Exercise instructions:
Once you reach the line that contains "Some of the words", retype it and every line after it exactly, ending with the last line of the entries.

[Stored data entries]
•••••

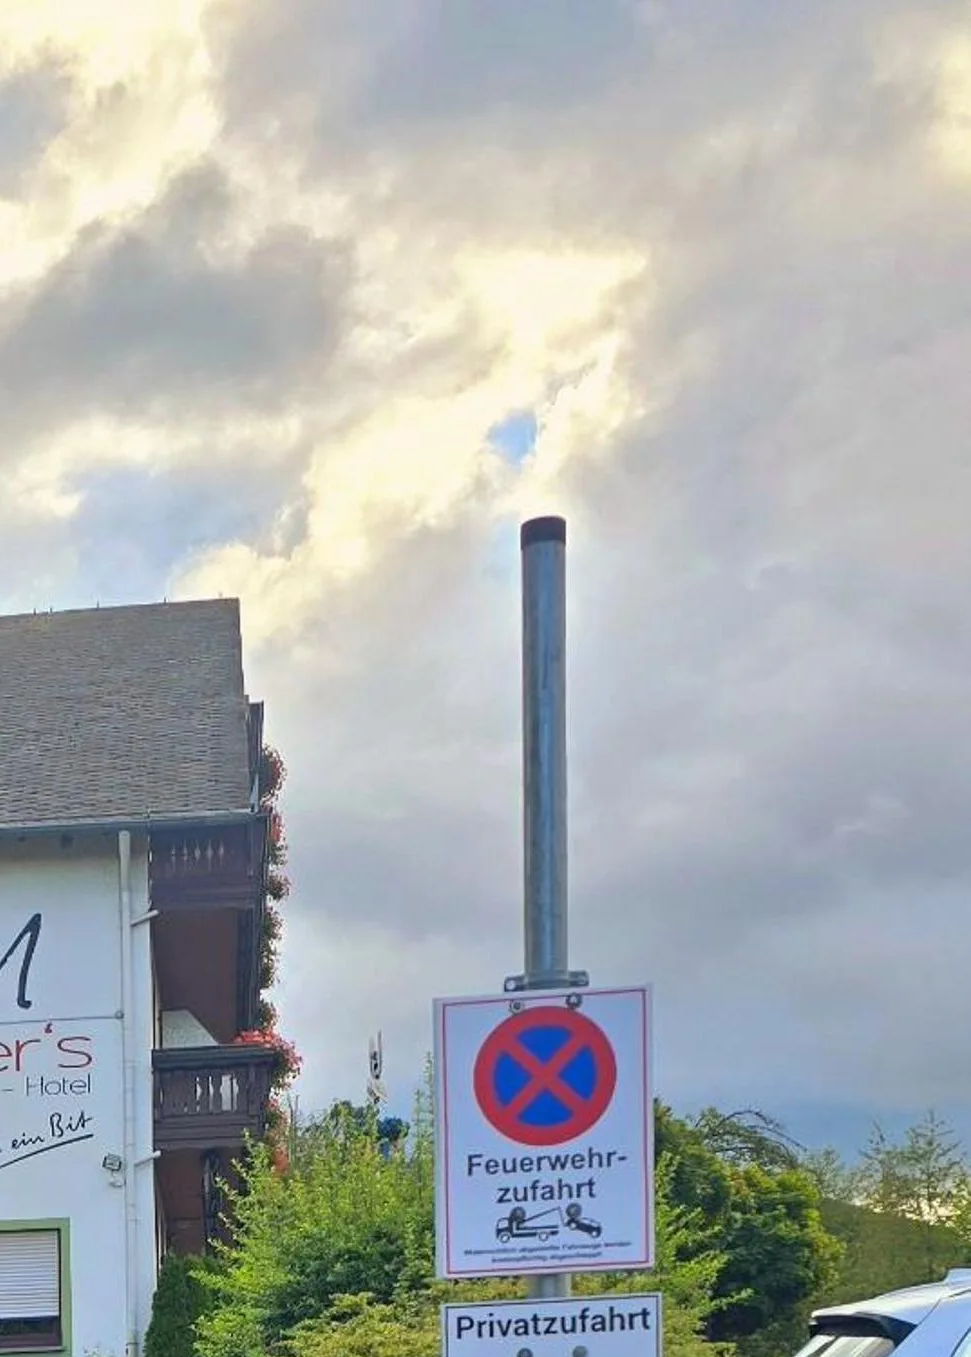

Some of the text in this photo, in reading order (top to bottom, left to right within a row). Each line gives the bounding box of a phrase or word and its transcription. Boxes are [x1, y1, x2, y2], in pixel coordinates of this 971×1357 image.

[25, 1073, 92, 1098] Hotel
[11, 1131, 45, 1149] ein
[49, 1109, 93, 1138] Bit
[466, 1147, 628, 1177] Feuerwehr-
[495, 1177, 597, 1205] zufahrt
[455, 1305, 652, 1340] Privatzufahrt
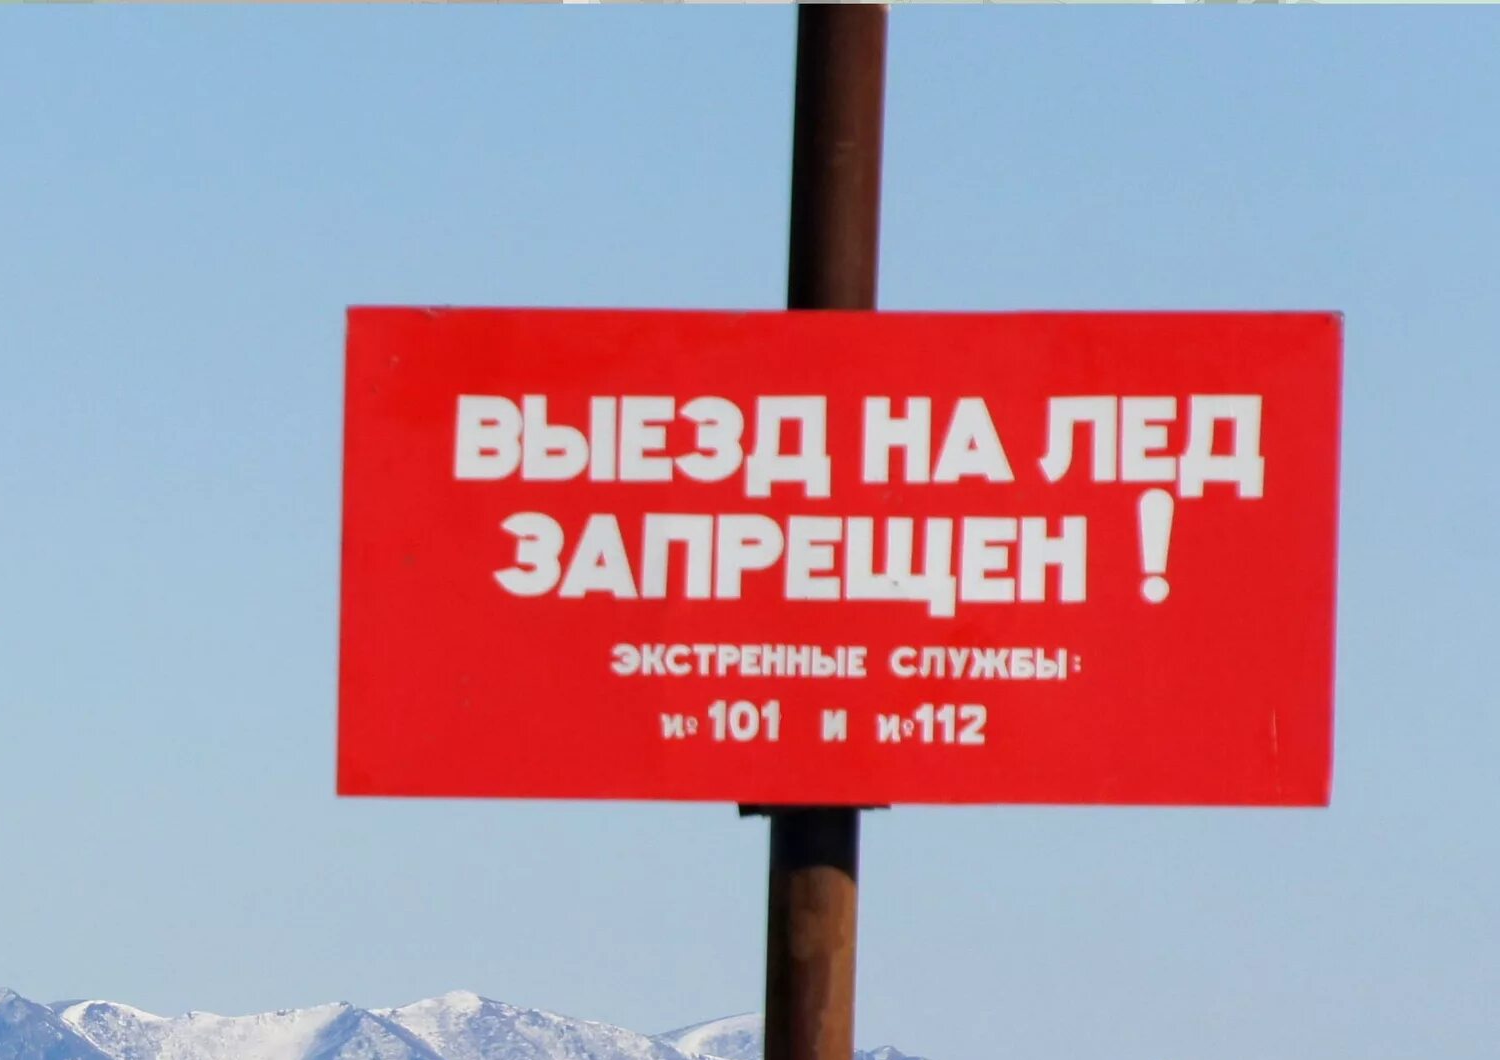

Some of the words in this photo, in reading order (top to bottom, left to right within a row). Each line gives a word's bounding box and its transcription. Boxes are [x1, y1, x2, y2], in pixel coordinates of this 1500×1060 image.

[454, 394, 832, 499] ВЫЕЗД
[862, 395, 1015, 484] НА
[1038, 394, 1265, 499] ЛЕД
[494, 511, 1088, 618] ЗАПРЕЩЕН
[611, 643, 868, 678] ЭКСТРЕННЫЕ
[889, 646, 1082, 680] СЛУЖБЫ:

•••••

Result:
Some of the words in this photo, in reading order (top to bottom, left to right within a row). Each line gives a word's bounding box and its transcription. Boxes are [x1, y1, x2, y2], in pixel coordinates of this 1500×1060 image.

[454, 394, 832, 499] ВЫЕЗД
[862, 395, 1015, 484] НА
[1038, 394, 1265, 499] ЛЕД
[494, 511, 1088, 618] ЗАПРЕЩЕН
[611, 643, 868, 678] ЭКСТРЕННЫЕ
[889, 646, 1082, 680] СЛУЖБЫ:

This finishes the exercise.